Top of Material for this task

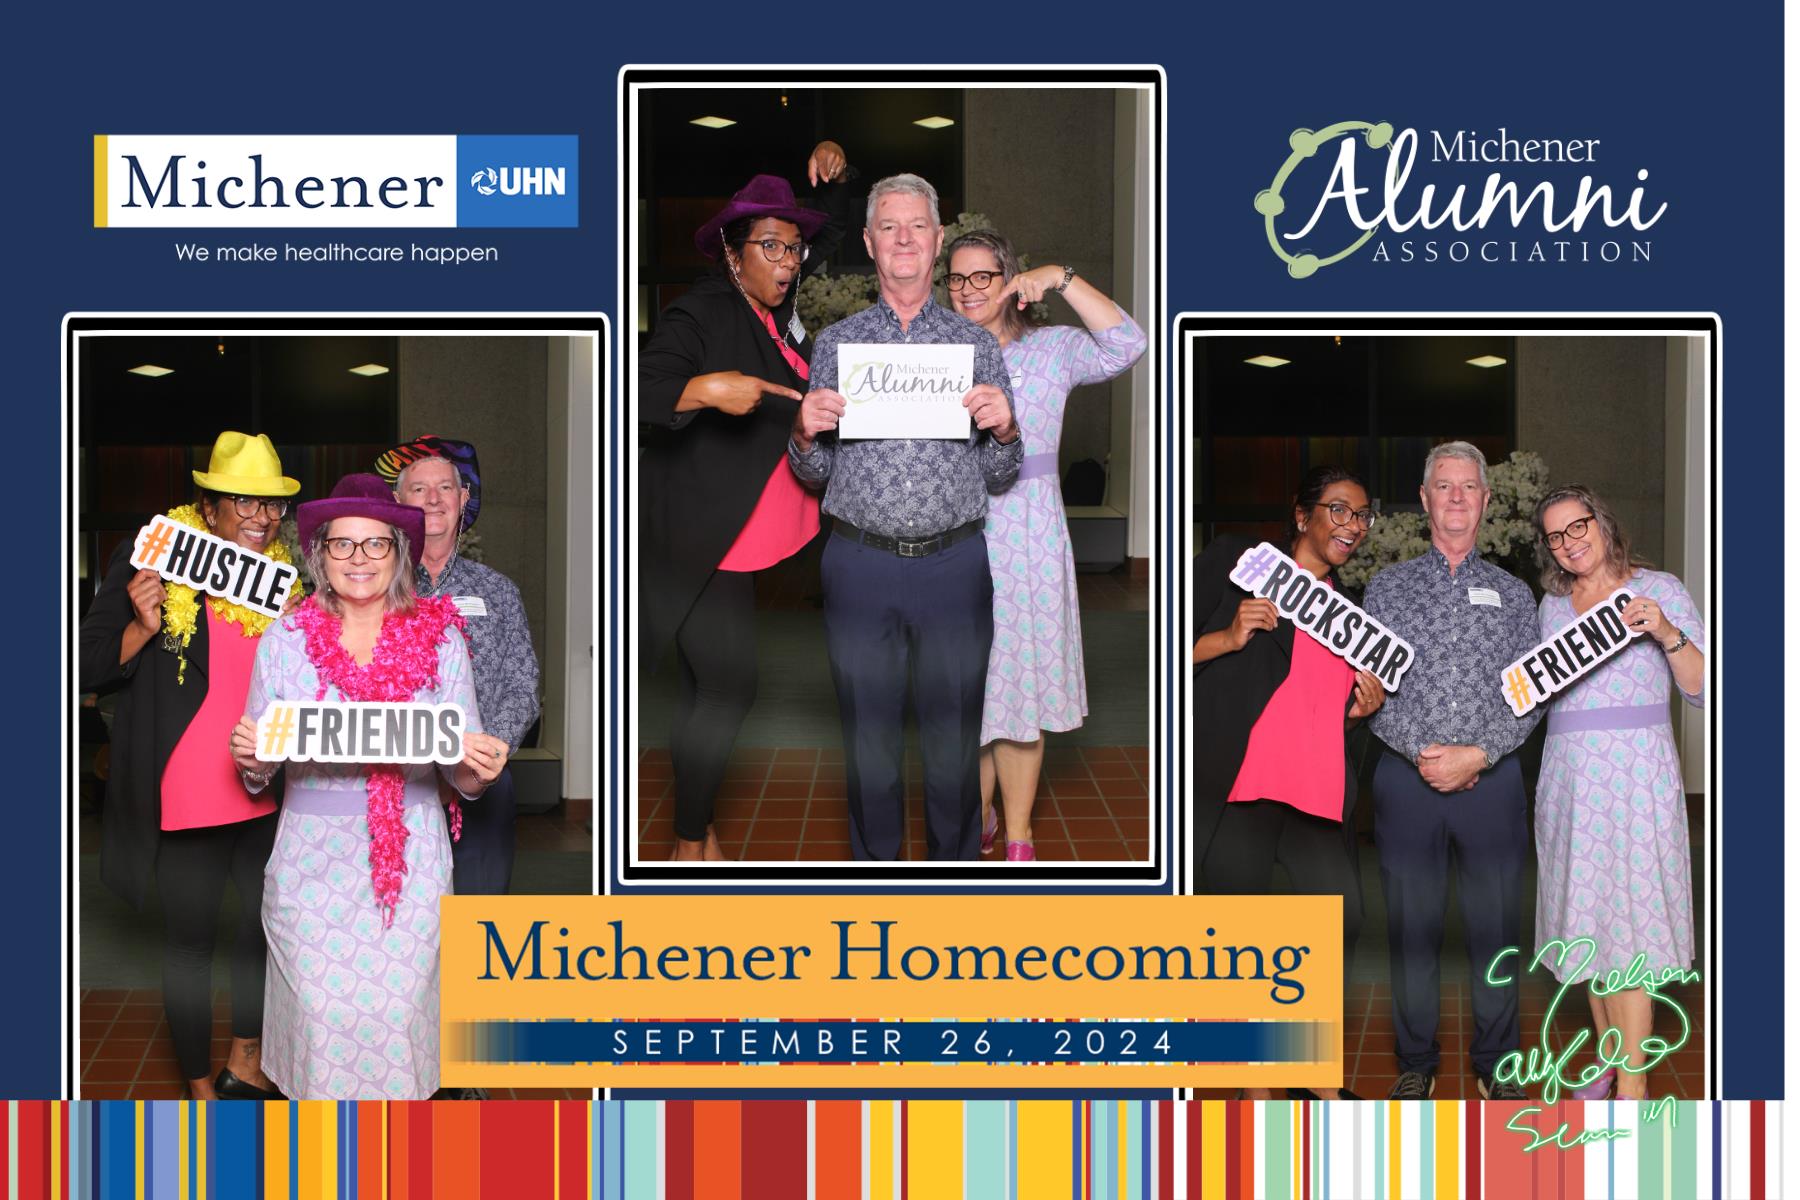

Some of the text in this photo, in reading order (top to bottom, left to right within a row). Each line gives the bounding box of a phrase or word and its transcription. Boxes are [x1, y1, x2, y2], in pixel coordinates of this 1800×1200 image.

[851, 363, 970, 395] Alumni
[897, 363, 950, 374] Michener
[137, 522, 292, 612] #HUSTLE
[1237, 549, 1409, 686] #ROCKSTAR
[264, 707, 460, 758] #FRIENDS

Bottom of Material for this task

→ Instructions to follow: Every line of the data is to be transcribed exactly, and no picture is to be included.

→ Solution to this task:
Some of the text in this photo, in reading order (top to bottom, left to right within a row). Each line gives the bounding box of a phrase or word and its transcription. Boxes are [x1, y1, x2, y2], in pixel coordinates of this 1800×1200 image.

[851, 363, 970, 395] Alumni
[897, 363, 950, 374] Michener
[137, 522, 292, 612] #HUSTLE
[1237, 549, 1409, 686] #ROCKSTAR
[264, 707, 460, 758] #FRIENDS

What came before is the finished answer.